(Dataset entries)
● ● ●

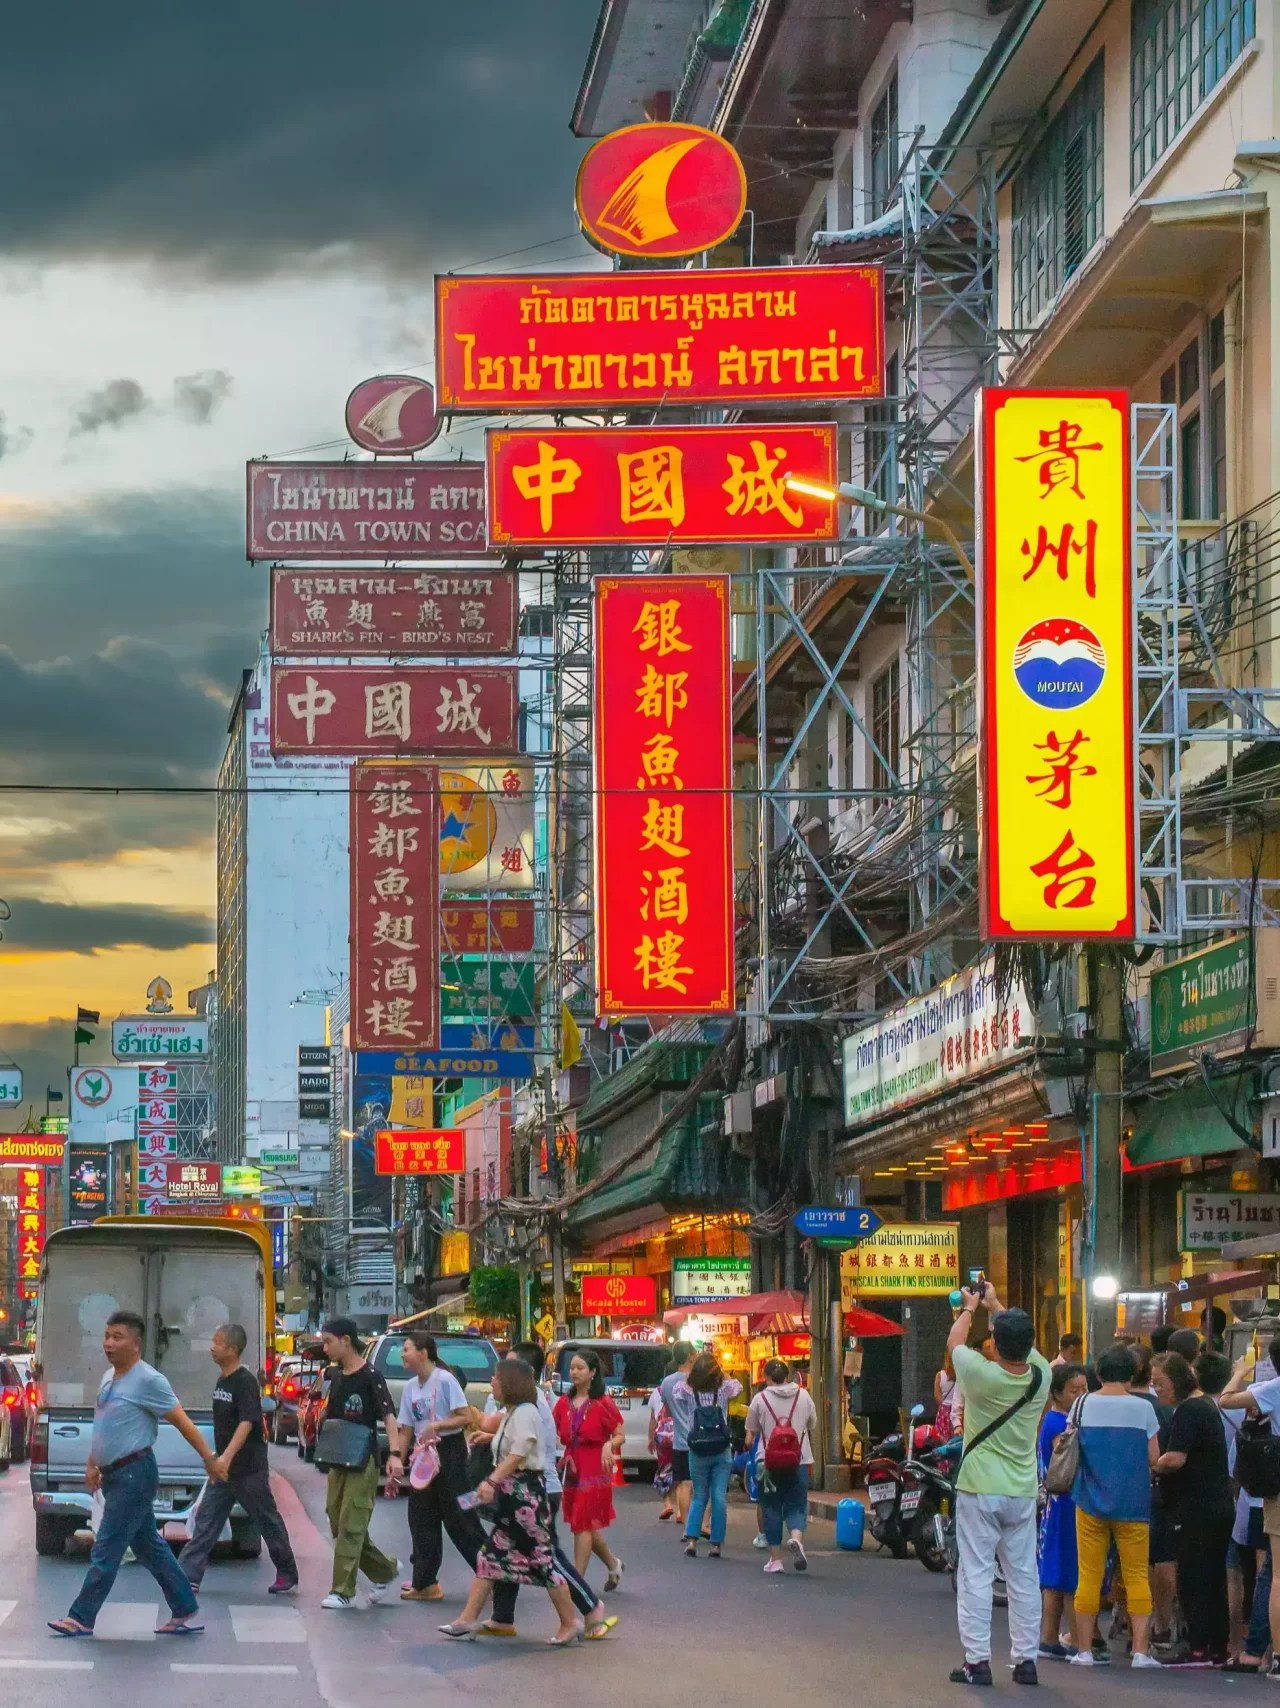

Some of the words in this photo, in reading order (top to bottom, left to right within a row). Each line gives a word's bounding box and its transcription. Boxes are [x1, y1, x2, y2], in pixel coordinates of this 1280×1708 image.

[454, 333, 694, 391] ไชน่าทาวน์
[718, 328, 865, 386] สกาล่า
[267, 473, 416, 511] ไชน่าทาวน์
[429, 485, 484, 510] สกา
[511, 440, 803, 533] 中國城
[266, 521, 346, 543] CHINA
[354, 521, 431, 543] TOWN
[438, 521, 486, 543] SCA
[291, 630, 354, 643] SHARK'S
[360, 631, 383, 643] FIN
[402, 631, 451, 643] BIRD'S
[456, 631, 494, 644] NEST
[1036, 681, 1084, 693] MOUTAI
[286, 675, 493, 746] 中國城
[631, 600, 694, 994] 銀都魚翅酒樓
[365, 781, 423, 1040] 銀都魚翅酒樓
[301, 1052, 328, 1060] CITIZEN
[393, 1057, 499, 1073] SEAFOOD
[301, 1077, 329, 1085] RADO
[907, 1057, 939, 1093] RESTAURANT
[168, 1181, 192, 1191] Hotel
[194, 1181, 218, 1193] Royal
[805, 1211, 846, 1221] เยาวราช
[859, 1213, 870, 1229] 2
[840, 1253, 957, 1268] 城銀都魚翅酒樓
[859, 1275, 879, 1288] SCALA
[918, 1275, 957, 1288] RESTAURANT
[586, 1299, 613, 1307] Scala
[616, 1299, 647, 1307] Hostel

● ● ●

Your assignment: From the first line to the last, please copy the data exactly, with the pictures left out.

Solution for this problem:
Some of the words in this photo, in reading order (top to bottom, left to right within a row). Each line gives a word's bounding box and its transcription. Boxes are [x1, y1, x2, y2], in pixel coordinates of this 1280×1708 image.

[454, 333, 694, 391] ไชน่าทาวน์
[718, 328, 865, 386] สกาล่า
[267, 473, 416, 511] ไชน่าทาวน์
[429, 485, 484, 510] สกา
[511, 440, 803, 533] 中國城
[266, 521, 346, 543] CHINA
[354, 521, 431, 543] TOWN
[438, 521, 486, 543] SCA
[291, 630, 354, 643] SHARK'S
[360, 631, 383, 643] FIN
[402, 631, 451, 643] BIRD'S
[456, 631, 494, 644] NEST
[1036, 681, 1084, 693] MOUTAI
[286, 675, 493, 746] 中國城
[631, 600, 694, 994] 銀都魚翅酒樓
[365, 781, 423, 1040] 銀都魚翅酒樓
[301, 1052, 328, 1060] CITIZEN
[393, 1057, 499, 1073] SEAFOOD
[301, 1077, 329, 1085] RADO
[907, 1057, 939, 1093] RESTAURANT
[168, 1181, 192, 1191] Hotel
[194, 1181, 218, 1193] Royal
[805, 1211, 846, 1221] เยาวราช
[859, 1213, 870, 1229] 2
[840, 1253, 957, 1268] 城銀都魚翅酒樓
[859, 1275, 879, 1288] SCALA
[918, 1275, 957, 1288] RESTAURANT
[586, 1299, 613, 1307] Scala
[616, 1299, 647, 1307] Hostel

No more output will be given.